Music is an essential (and stunning!) element in the story. How did you pick the piece that triggers Cane’s physical and emotional journey? How did you work with your composer to score the film?
Baltic Fleet is Paul Fleming. He scored the film and recorded his own version of Beethoven’s Fifth Symphony, which is on the Golden Record sent on Voyager I. That was the jumping off point in plot terms for this idea of connection across the universe, but it is also a genuinely powerful and recognisable piece of music that we felt Cane could become obsessed by. Baltic Fleet had scored a short film I made, Schrödinger’s Waltz, and it was obvious that he would be perfect for Native. Paul is so inspiring to work with, and the way his music encapsulates the tone of the film is just genius.
How did you work with your cast from the first contact to the final day of filming?
We didn’t have the luxury of much rehearsal time but Rupert, Ellie and I talked a lot about the script before we started production. I had even less time with Daniel, Pollyanna, Leanne, Joe and Chiara, but they are all great actors so we were able to just get on with it.
Do you think we could be at risk of becoming a hive?
I understand the usefulness of social media, but on some base level I find it troubling. Personally, I don’t like how social media has eroded privacy, or how it has changed the way we communicate, allowing us to view and parade our deepest and most private insecurities in front of everyone, and in perpetuity.
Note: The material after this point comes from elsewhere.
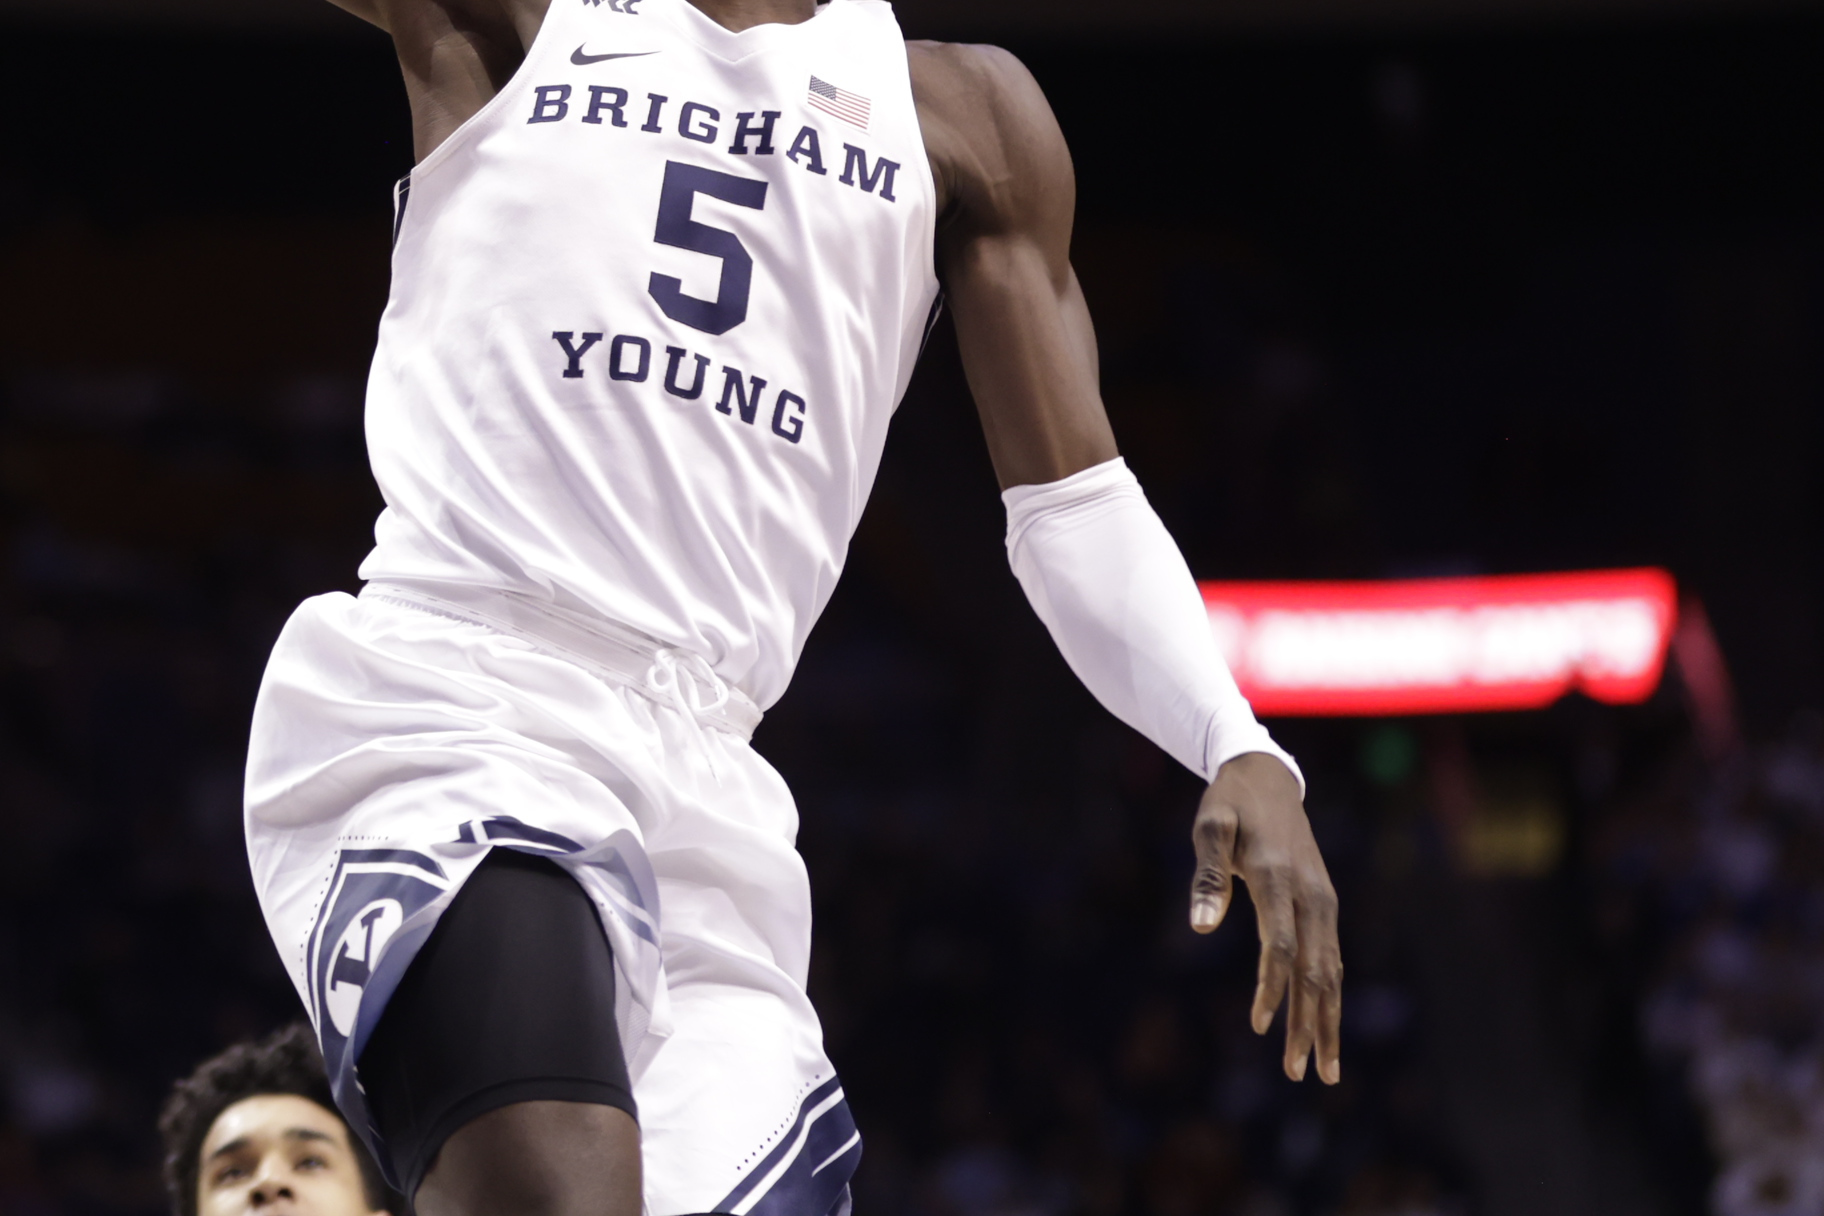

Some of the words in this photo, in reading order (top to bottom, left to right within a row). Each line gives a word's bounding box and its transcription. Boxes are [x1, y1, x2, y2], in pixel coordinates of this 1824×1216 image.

[526, 83, 901, 203] BRIGHAM
[647, 158, 769, 336] 5
[551, 330, 807, 444] YOUNG
In this sense, it can be unedifying and I suppose a bit hive-like. Instantaneous sharing creates a barometer of consensus or panic that changes constantly, and hooks us into a pattern of needing to know or broadcasting things that we could, and probably should keep to ourselves. People stare at phones and get swipe fatigue instead of using actual human verbal conversation. There is a danger that people start broadcasting themselves instead of talking to each other. I know I sound like an old codger but I just don’t think that telepathy on that scale is something we should aspire to!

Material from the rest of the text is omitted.